The preceding article is published nearly as it appeared in the second edition of this work, which was issued late in 1873, with the date 1874. Almost as soon as the edition appeared, I learned that baptism had been introduced among the Schwenkfelders at a meeting held a few months before; and that perhaps in two cases it had also been administered at the approach of death.

In the spring of the present year, 1882, I visited a Schwenkfelder settlement in the upper part of Montgomery County, and was hospitably entertained at the house of one of their preachers. German or the Pennsylvania dialect was the language of the family. On Sunday I attended church, where, as before in another locality, the services were in German, as were nearly all the proceedings in the Sunday-school. Here I learned that the rite of the Supper has also been introduced among the Schwenkfelders, though not without opposition. I inquired on what grounds the opposition was brought, but received no satisfactory reply.

At the house of my entertainer I was shown a volume, published in 1879, containing a genealogical record of the descendants of the Schwenkfelders in this country, to which is prefixed a historical sketch by C. Heydrick, a lawyer of Franklin, Pennsylvania.

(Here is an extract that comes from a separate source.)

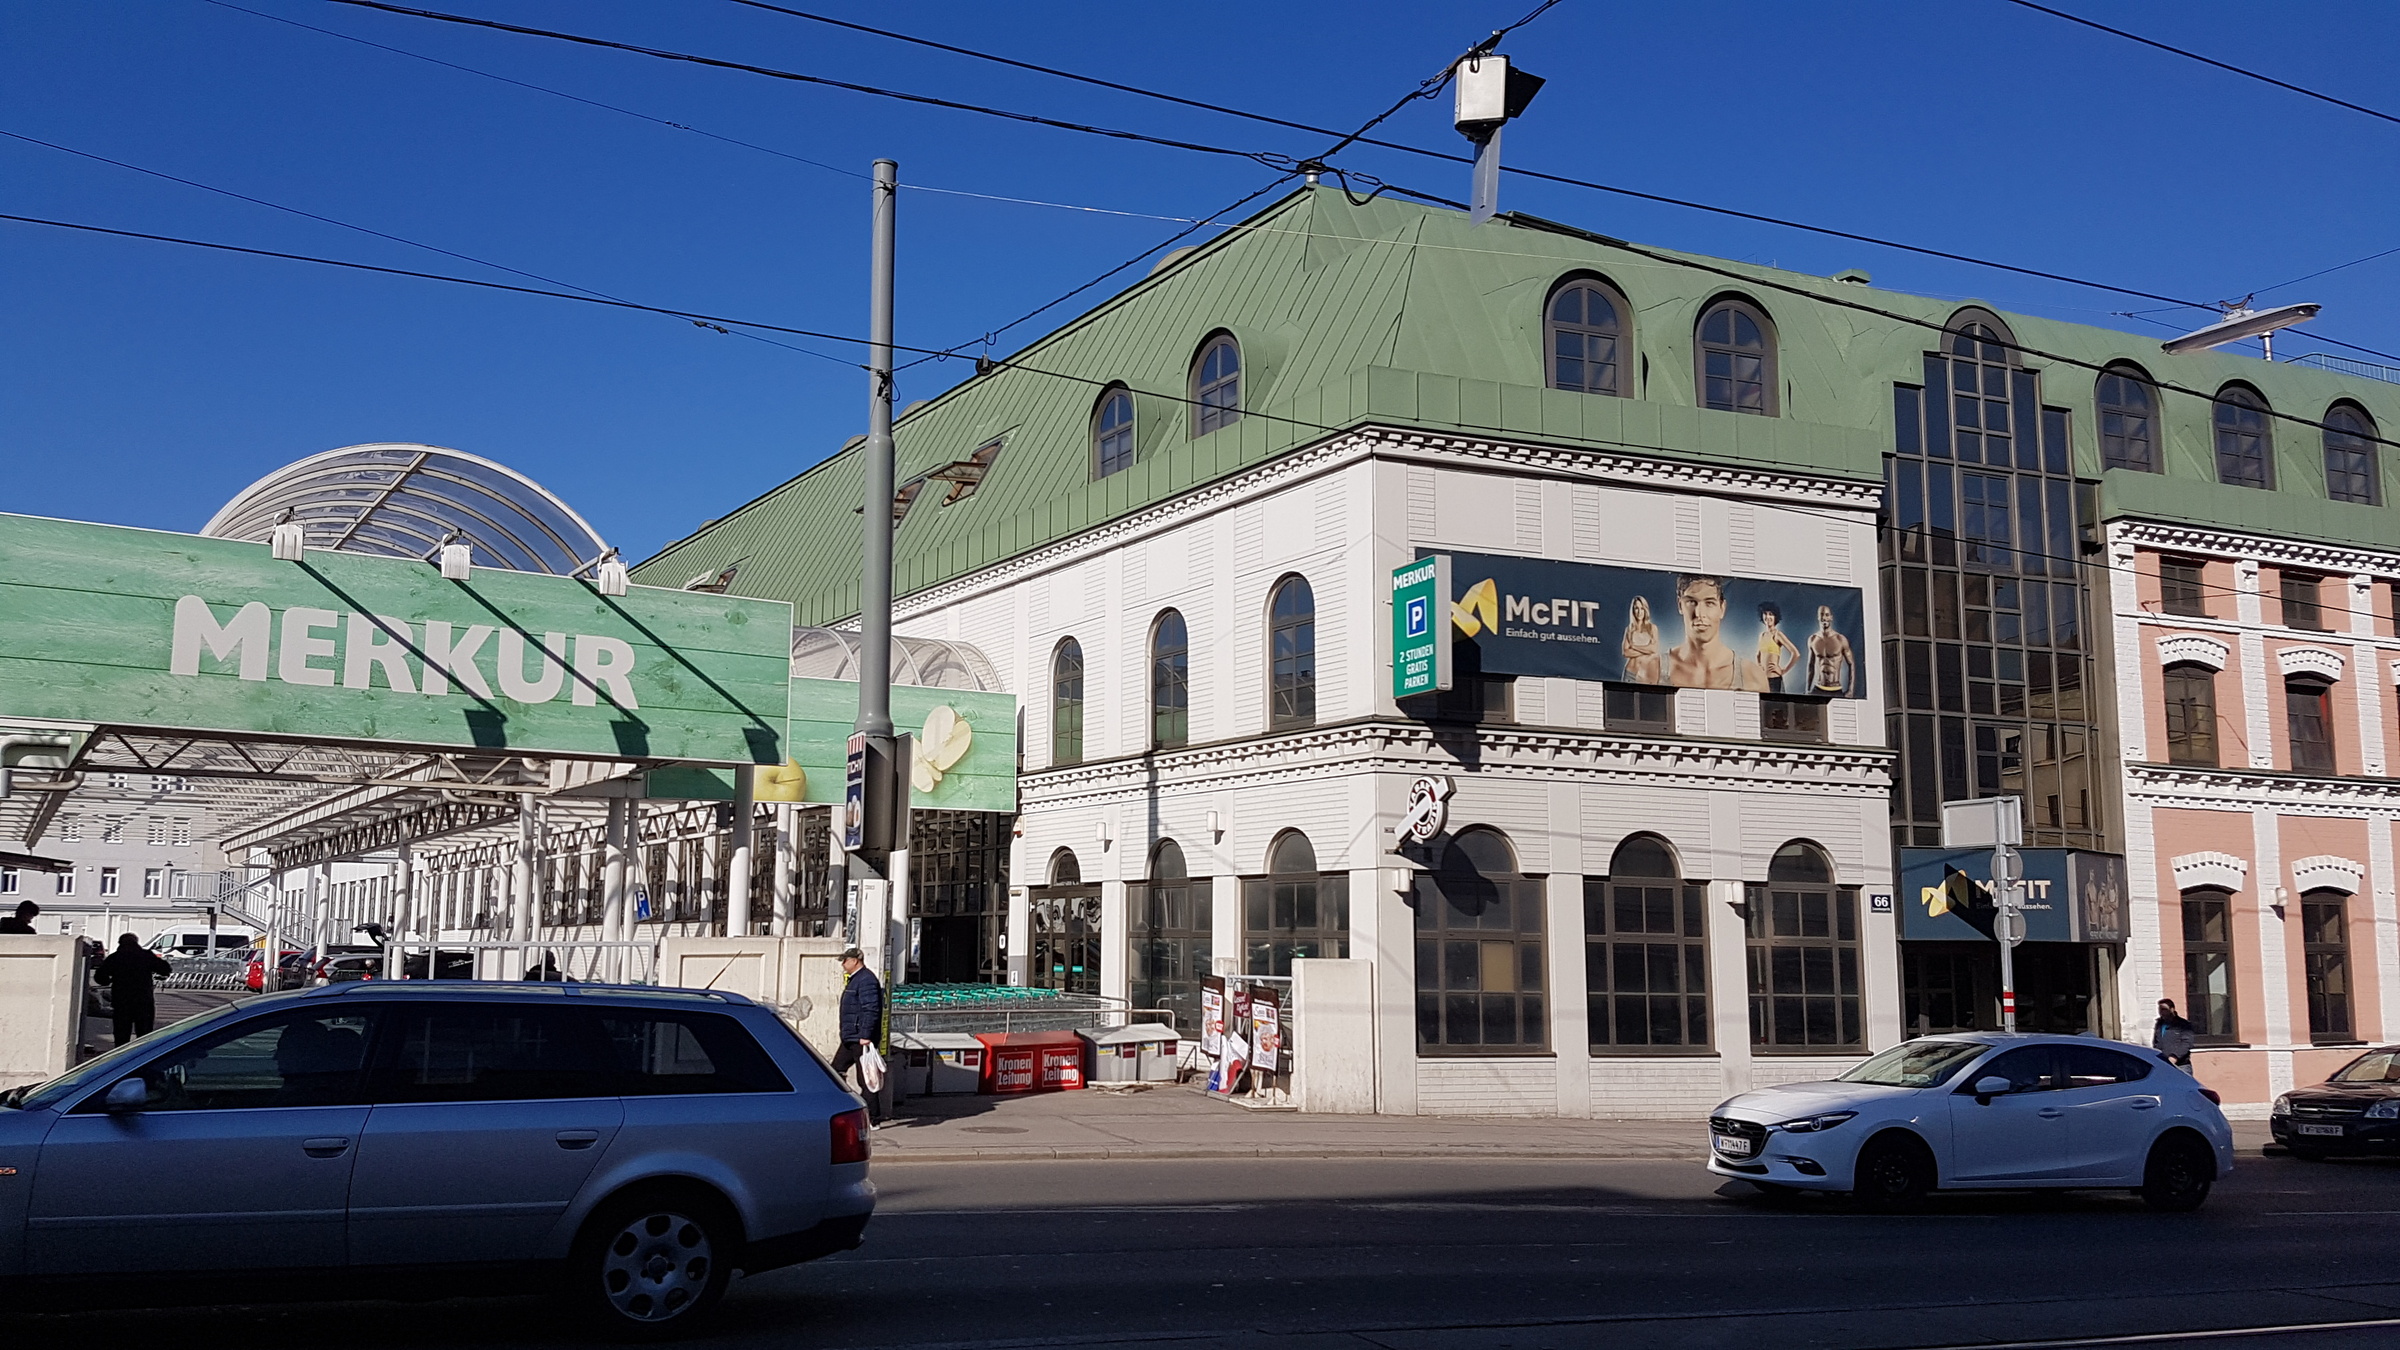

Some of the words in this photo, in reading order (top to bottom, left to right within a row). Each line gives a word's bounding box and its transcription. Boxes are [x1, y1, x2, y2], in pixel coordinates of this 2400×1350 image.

Herein it is stated that Schwenkfeld differed with Luther on several points; chiefly on the eucharist, the efficacy of the divine word, the human nature of Christ, and baptism.

Schwenkfeld held, says the writer, that the penitent believer partakes of the bread and the body of the Lord, not only at the sacramental altar, but elsewhere.

On the second point Schwenkfeld denied that the external word in the Scriptures has the power of healing and renewing the mind, but ascribed this power to the internal word, Christ himself. He regretted that Luther, who at first agreed with him, saw fit afterward to ascribe to the written or preached word the efficacy which is only in Christ, the eternal word.

Further, Schwenkfeld rejected infant baptism, and held that baptism and the Supper were not intended as means by which the unregenerate partaker can obtain salvation.